I encourage you to open your Bible to the New Testament letter of Colossians as we begin a series of messages I have entitled, “Is Christ Enough?” This was the nagging question confronting the church at Colossae. I want to begin our study in Colossians by laying down a


historical foundation for our study.(v.1-2) This letter was obviously penned by the apostle Paul.

He was writing from a Roman prison cell. While Paul was under house arrest, word came to him about a troublesome situation arising in the city of Colossae. This is the only one of the prison epistles penned to a church that Paul himself did not start. He had no direct involvement in the starting of this church in Colossae. In fact, there is no evidence Paul had ever been to the city of Colossae.

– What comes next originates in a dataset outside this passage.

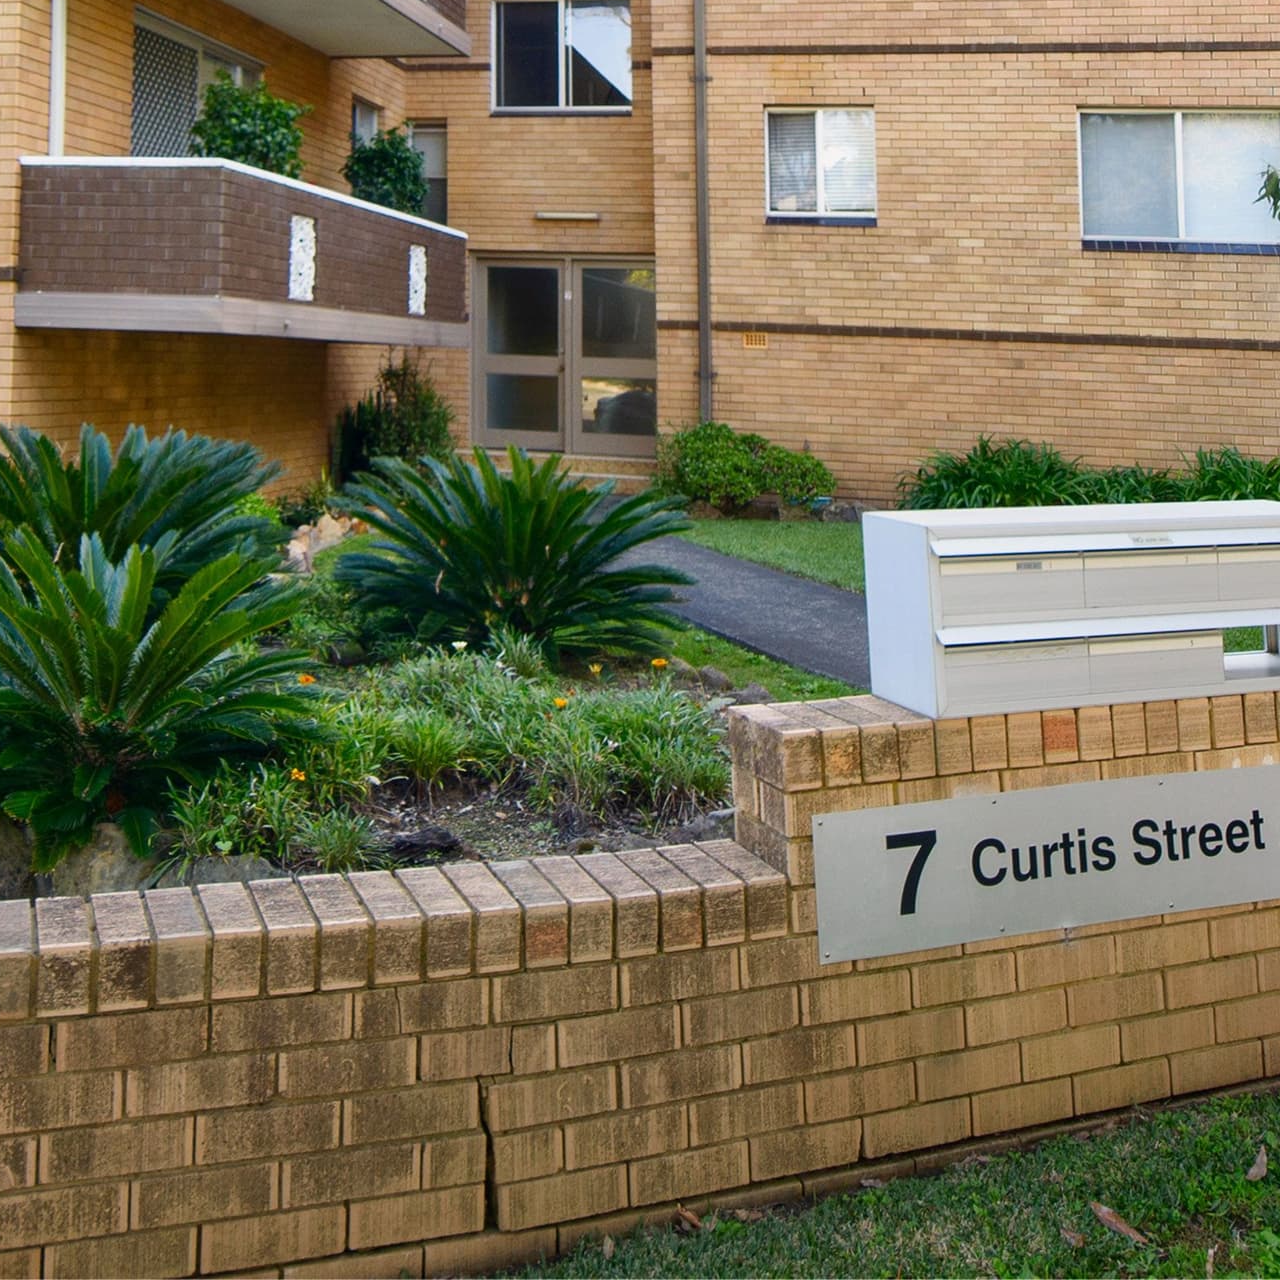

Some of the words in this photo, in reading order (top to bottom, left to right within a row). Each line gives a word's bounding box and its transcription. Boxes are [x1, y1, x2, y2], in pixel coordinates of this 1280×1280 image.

The recipient of the letter was obviously the church at Colossae. The city of Colossae had once been a prominent, prosperous city located near the fertile fields of the Lycus Valley. It had once been part of what was called the “Golden Triangle”, which included the cities of Laodicea and Hierapolis. Colossae had been known for its wool industry. Sheep grazed in the fertile pasture lands surrounding the town, and dyes were made from the nearby chalk deposits. Politicians and dignitaries often frequented the city streets. But the valley of Lycus was also known for its frequent earthquakes. Whether it was the result of one such earthquake cannot be clearly ascertained, but for some reason the Roman government rerouted the road system running through the region, bypassing Colossae altogether for the neighboring cities of Laodicea and Hierapolis.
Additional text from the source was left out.